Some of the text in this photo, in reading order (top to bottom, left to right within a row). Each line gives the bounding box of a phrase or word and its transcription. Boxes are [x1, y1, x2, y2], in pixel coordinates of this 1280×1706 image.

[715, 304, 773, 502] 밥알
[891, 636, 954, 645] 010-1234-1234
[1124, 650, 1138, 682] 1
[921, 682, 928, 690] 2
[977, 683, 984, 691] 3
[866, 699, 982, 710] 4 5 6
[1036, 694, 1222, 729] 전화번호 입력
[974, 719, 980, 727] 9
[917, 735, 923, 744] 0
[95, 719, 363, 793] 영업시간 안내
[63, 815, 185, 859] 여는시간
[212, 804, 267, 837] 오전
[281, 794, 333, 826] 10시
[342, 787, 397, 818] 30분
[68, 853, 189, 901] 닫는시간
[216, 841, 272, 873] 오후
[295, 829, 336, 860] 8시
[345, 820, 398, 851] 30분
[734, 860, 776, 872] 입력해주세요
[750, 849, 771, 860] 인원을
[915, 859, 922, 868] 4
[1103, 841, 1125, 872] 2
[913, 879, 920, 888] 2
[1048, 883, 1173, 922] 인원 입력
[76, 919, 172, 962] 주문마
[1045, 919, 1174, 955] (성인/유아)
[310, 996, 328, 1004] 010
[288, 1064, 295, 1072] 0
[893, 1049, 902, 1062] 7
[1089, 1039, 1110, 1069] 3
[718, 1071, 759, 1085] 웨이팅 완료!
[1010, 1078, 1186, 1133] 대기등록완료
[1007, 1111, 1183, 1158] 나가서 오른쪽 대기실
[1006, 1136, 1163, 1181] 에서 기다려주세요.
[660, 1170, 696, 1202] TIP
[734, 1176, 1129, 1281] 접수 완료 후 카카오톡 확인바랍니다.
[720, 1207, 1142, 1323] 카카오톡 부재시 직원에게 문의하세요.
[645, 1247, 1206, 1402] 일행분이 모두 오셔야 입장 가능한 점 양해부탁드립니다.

**Aim of the task**.
The entries above are to be restated word for word.

**Output for this exercise**.
Some of the text in this photo, in reading order (top to bottom, left to right within a row). Each line gives the bounding box of a phrase or word and its transcription. Boxes are [x1, y1, x2, y2], in pixel coordinates of this 1280×1706 image.

[715, 304, 773, 502] 밥알
[891, 636, 954, 645] 010-1234-1234
[1124, 650, 1138, 682] 1
[921, 682, 928, 690] 2
[977, 683, 984, 691] 3
[866, 699, 982, 710] 4 5 6
[1036, 694, 1222, 729] 전화번호 입력
[974, 719, 980, 727] 9
[917, 735, 923, 744] 0
[95, 719, 363, 793] 영업시간 안내
[63, 815, 185, 859] 여는시간
[212, 804, 267, 837] 오전
[281, 794, 333, 826] 10시
[342, 787, 397, 818] 30분
[68, 853, 189, 901] 닫는시간
[216, 841, 272, 873] 오후
[295, 829, 336, 860] 8시
[345, 820, 398, 851] 30분
[734, 860, 776, 872] 입력해주세요
[750, 849, 771, 860] 인원을
[915, 859, 922, 868] 4
[1103, 841, 1125, 872] 2
[913, 879, 920, 888] 2
[1048, 883, 1173, 922] 인원 입력
[76, 919, 172, 962] 주문마
[1045, 919, 1174, 955] (성인/유아)
[310, 996, 328, 1004] 010
[288, 1064, 295, 1072] 0
[893, 1049, 902, 1062] 7
[1089, 1039, 1110, 1069] 3
[718, 1071, 759, 1085] 웨이팅 완료!
[1010, 1078, 1186, 1133] 대기등록완료
[1007, 1111, 1183, 1158] 나가서 오른쪽 대기실
[1006, 1136, 1163, 1181] 에서 기다려주세요.
[660, 1170, 696, 1202] TIP
[734, 1176, 1129, 1281] 접수 완료 후 카카오톡 확인바랍니다.
[720, 1207, 1142, 1323] 카카오톡 부재시 직원에게 문의하세요.
[645, 1247, 1206, 1402] 일행분이 모두 오셔야 입장 가능한 점 양해부탁드립니다.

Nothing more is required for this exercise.